Yes you would not get a proper venturi effect if the intersecting hose is too big. The equations to figure this out are very complex, but for air the intersecting hole needs to be pretty small and shaped correctly. For water there is more leeway since it is more difficult for the fast-flowing water to make a U-turn and back up the vacuum hose. Interestingly, the higher the pressure and velocity of the flowing media, the greater vacuum can be generated. Perhaps some of the problem is that at higher boost, you are sucking too hard on the PCV system ??? In any case you are flowing at conditions not calculated by the Subaru enginers, so the venturi may not work as designed one way or the other.

These type of venturi effect devices are pretty common, like the fittings that go on the faucet in labs to provide a vacuum source, and the vacuum-generators that can be fitted on air compressors. The important thing is that the fluid in the big pipe needs to be flowing rapidly and in a laminar fashion for it to work properly. Too much turbulence and no worky.

Longer hoses will present a greater pressure drop, but unless very narrow, things like elbows and surface roughness in the tube will have greater effect. One elbow typically presents as much pressure drop as twenty to fifty FEET of pipe, and that's a smooth elbow at that. Elevation change is important for heavy fluids like water but means zippo for air.

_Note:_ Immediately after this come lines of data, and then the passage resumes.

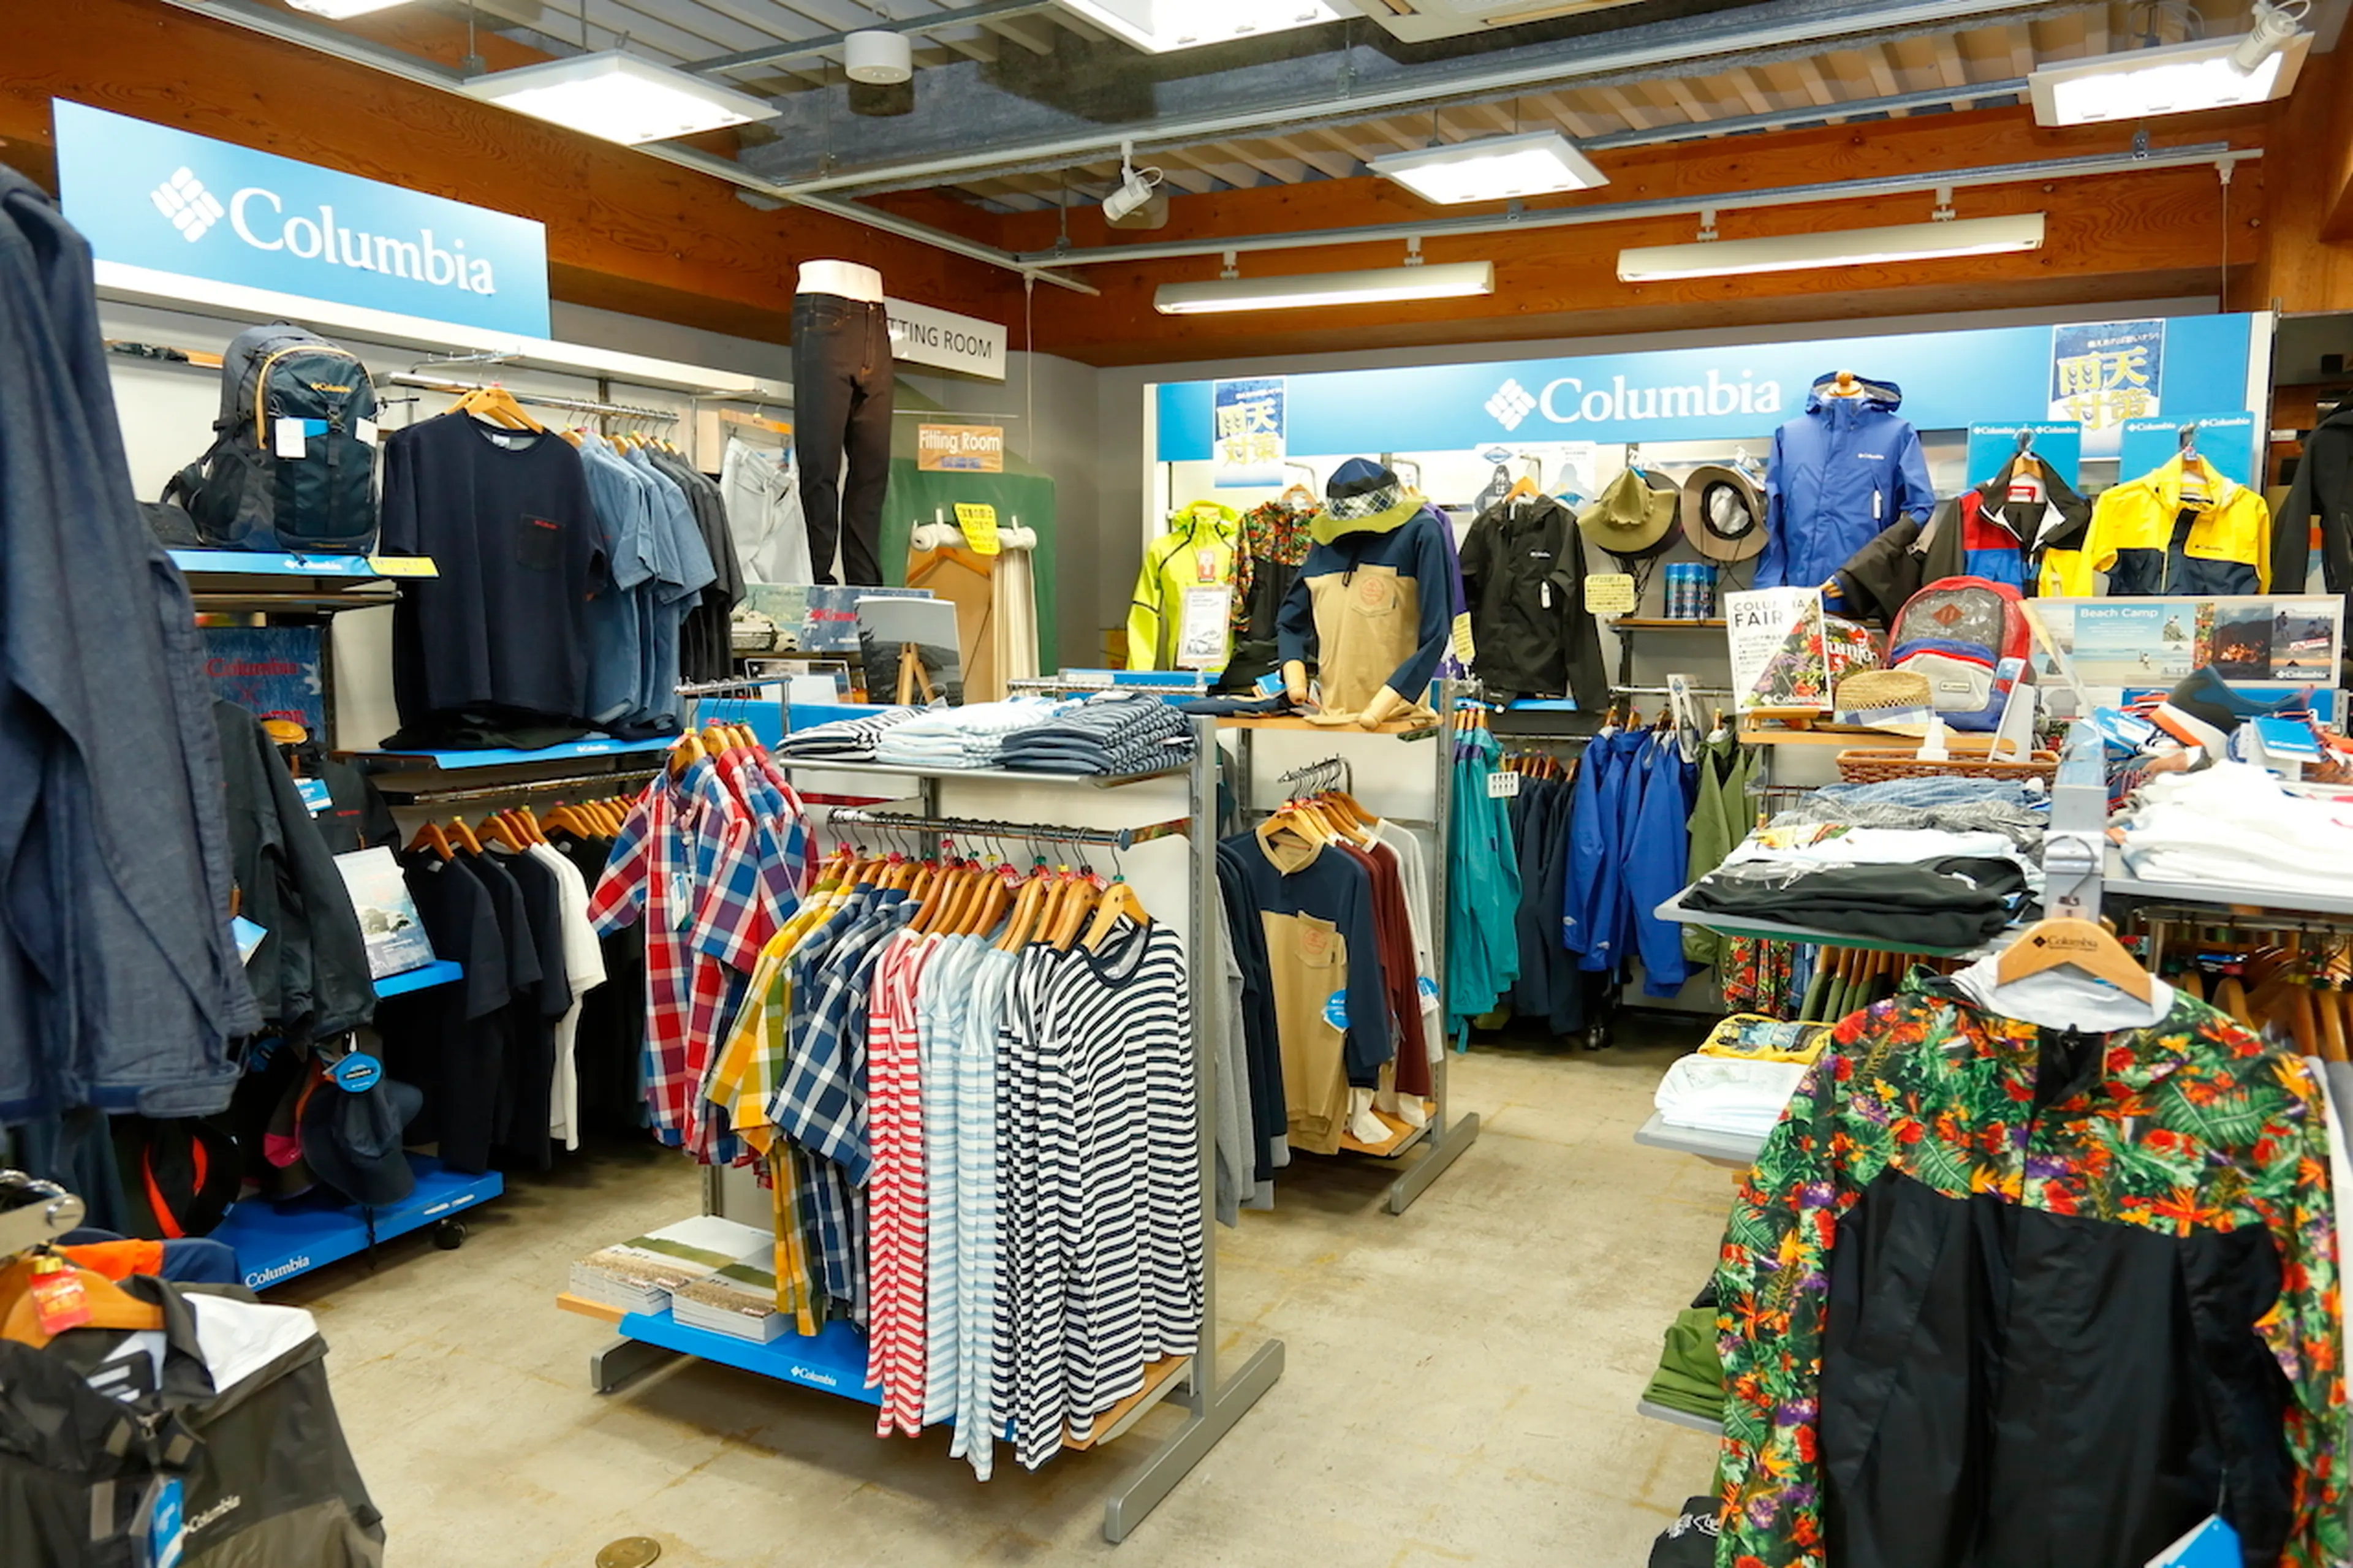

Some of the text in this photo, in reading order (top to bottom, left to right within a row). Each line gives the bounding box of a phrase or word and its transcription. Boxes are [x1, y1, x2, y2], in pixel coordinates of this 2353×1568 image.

[230, 187, 497, 295] Columbia
[887, 317, 991, 359] TTING ROOM
[2056, 346, 2150, 396] 雨天
[1539, 369, 1782, 424] Columbia
[1216, 396, 1278, 438] 雨天
[919, 430, 1000, 455] Fitting Room
[1733, 598, 1805, 612] COLUIA
[1735, 610, 1784, 627] FAIR
[2080, 607, 2159, 619] Beach Camp
[204, 657, 300, 678] Columbia
[2047, 934, 2098, 947] Columbia
[245, 1256, 311, 1289] Columbia
[799, 1368, 837, 1387] Columbia
[188, 1495, 241, 1533] Columbia

I think it is likely that the hoses are different sizes to eliminate the possibility of a flow reversal, or unpredictable flow. If both hoses go to the same place, or where the pressure is the same, then the size is crucial. Let me give an example:

If I am trying to distribute water to two places predictably, I want to make sure the main pipe (header) is way bigger than the two others' combined cross-sections. So, I use a 3" pipe. I want the flow to go to point A and B, unless a valve is closed. I pipe with 2" pipe to point A, and 1" pipe to point B. Now I'm sure there is adequate flow in the header for water to pour out both A and B when the valves are open. If the header were too small, say 2", then when both valves are open, virtually all the water would come to point A, and point B would get nothing.

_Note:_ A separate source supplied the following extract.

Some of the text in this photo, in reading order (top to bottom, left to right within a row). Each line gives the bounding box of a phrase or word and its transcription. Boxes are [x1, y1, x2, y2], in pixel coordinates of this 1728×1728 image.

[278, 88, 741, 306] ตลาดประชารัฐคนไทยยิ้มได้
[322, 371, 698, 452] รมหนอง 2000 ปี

Also, if the header AND both A and B were piped the same size, the SLIGHTEST difference in length, roughness, number of turns, temperature, etc would cause virtually all the water to come out the pipe with least resistance. Note this is true only if both pipes are open at the ends (same outlet pressure exactly), or go to the same place or same pressure.

I would say the hoses are different sizes due to the last point, to make flow predictable and not subject to reversing or stopping due to some slight fluctuation.

If you didn't mind making swiss cheese out of your pipes, fitting a pressure monitor to several of these hoses would tell the truth. Usually a 1/8" hole and tubing is all that is needed, and a sensitive manometer. Then with this set-up you can also find out the truth about intake pressures and pressure drops.

Huh. From what I could tell from reading other Subaru forums, it's generally accepted that running high boost causes the intake charge to become oil-heavy because crankcase pressure gets high, but maybe at least some of it is that the PCV hose's pressure is too low. That's a very interesting thought. It seems reasonable that the venturi would be designed according to the expected airflow.

I'm curious to know what the corresponding part looks like on other Subaru turbo motors designed to flow different amounts of air.

I think I understand what you're saying, professor, and it seems convincing to me. So we think we have a pretty fair understanding of how the system works.

So you think Jason would be just fine with the tee as he's proposed?

Of course there is always this system...

http://community-2.webtv.net/PAGEBUILDE ... VACUATION/

A bit extreme and I'm sure emmissions testers would have a heart attack, but no doubt effective.

Shows just how much vacuum you can get with the venturi. Note they just used a crude 45-degree connection and got a lot of vac, maybe the geometry isn't as important as I thought.